Phrase grounding data:
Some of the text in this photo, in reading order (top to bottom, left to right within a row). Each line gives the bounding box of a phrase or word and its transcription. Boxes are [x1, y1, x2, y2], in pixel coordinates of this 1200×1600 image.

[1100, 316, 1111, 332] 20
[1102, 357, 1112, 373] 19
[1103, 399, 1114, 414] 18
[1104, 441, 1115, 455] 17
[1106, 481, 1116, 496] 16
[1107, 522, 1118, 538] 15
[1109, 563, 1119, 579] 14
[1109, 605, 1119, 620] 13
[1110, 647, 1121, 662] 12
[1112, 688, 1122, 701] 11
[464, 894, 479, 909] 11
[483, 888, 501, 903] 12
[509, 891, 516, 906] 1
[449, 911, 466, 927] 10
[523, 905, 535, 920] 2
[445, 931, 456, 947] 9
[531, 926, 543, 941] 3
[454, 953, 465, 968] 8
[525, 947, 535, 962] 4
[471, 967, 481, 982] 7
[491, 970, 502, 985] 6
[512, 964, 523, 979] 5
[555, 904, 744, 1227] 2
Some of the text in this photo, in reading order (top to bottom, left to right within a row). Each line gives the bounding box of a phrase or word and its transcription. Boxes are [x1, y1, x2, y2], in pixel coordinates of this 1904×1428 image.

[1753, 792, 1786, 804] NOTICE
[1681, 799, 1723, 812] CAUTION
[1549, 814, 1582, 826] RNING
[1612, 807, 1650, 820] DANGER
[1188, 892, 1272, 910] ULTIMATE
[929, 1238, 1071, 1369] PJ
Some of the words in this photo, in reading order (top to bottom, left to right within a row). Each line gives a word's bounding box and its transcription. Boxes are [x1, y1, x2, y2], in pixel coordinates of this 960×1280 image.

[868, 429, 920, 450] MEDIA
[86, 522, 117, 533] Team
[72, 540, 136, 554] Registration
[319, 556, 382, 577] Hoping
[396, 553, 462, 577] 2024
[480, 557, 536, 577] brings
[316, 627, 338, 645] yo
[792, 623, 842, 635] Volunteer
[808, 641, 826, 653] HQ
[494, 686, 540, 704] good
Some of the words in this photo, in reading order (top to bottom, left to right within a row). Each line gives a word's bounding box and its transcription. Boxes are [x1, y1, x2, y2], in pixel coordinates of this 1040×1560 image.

*Problem description:* Restate the records, all of them, precisely as written.

*Answer box:*
Some of the text in this photo, in reading order (top to bottom, left to right within a row). Each line gives the bounding box of a phrase or word and its transcription. Boxes are [x1, y1, x2, y2], in pixel coordinates of this 1200×1600 image.

[1100, 316, 1111, 332] 20
[1102, 357, 1112, 373] 19
[1103, 399, 1114, 414] 18
[1104, 441, 1115, 455] 17
[1106, 481, 1116, 496] 16
[1107, 522, 1118, 538] 15
[1109, 563, 1119, 579] 14
[1109, 605, 1119, 620] 13
[1110, 647, 1121, 662] 12
[1112, 688, 1122, 701] 11
[464, 894, 479, 909] 11
[483, 888, 501, 903] 12
[509, 891, 516, 906] 1
[449, 911, 466, 927] 10
[523, 905, 535, 920] 2
[445, 931, 456, 947] 9
[531, 926, 543, 941] 3
[454, 953, 465, 968] 8
[525, 947, 535, 962] 4
[471, 967, 481, 982] 7
[491, 970, 502, 985] 6
[512, 964, 523, 979] 5
[555, 904, 744, 1227] 2
Some of the text in this photo, in reading order (top to bottom, left to right within a row). Each line gives the bounding box of a phrase or word and its transcription. Boxes are [x1, y1, x2, y2], in pixel coordinates of this 1904×1428 image.

[1753, 792, 1786, 804] NOTICE
[1681, 799, 1723, 812] CAUTION
[1549, 814, 1582, 826] RNING
[1612, 807, 1650, 820] DANGER
[1188, 892, 1272, 910] ULTIMATE
[929, 1238, 1071, 1369] PJ
Some of the words in this photo, in reading order (top to bottom, left to right within a row). Each line gives a word's bounding box and its transcription. Boxes are [x1, y1, x2, y2], in pixel coordinates of this 960×1280 image.

[868, 429, 920, 450] MEDIA
[86, 522, 117, 533] Team
[72, 540, 136, 554] Registration
[319, 556, 382, 577] Hoping
[396, 553, 462, 577] 2024
[480, 557, 536, 577] brings
[316, 627, 338, 645] yo
[792, 623, 842, 635] Volunteer
[808, 641, 826, 653] HQ
[494, 686, 540, 704] good
Some of the words in this photo, in reading order (top to bottom, left to right within a row). Each line gives a word's bounding box and its transcription. Boxes are [x1, y1, x2, y2], in pixel coordinates of this 1040×1560 image.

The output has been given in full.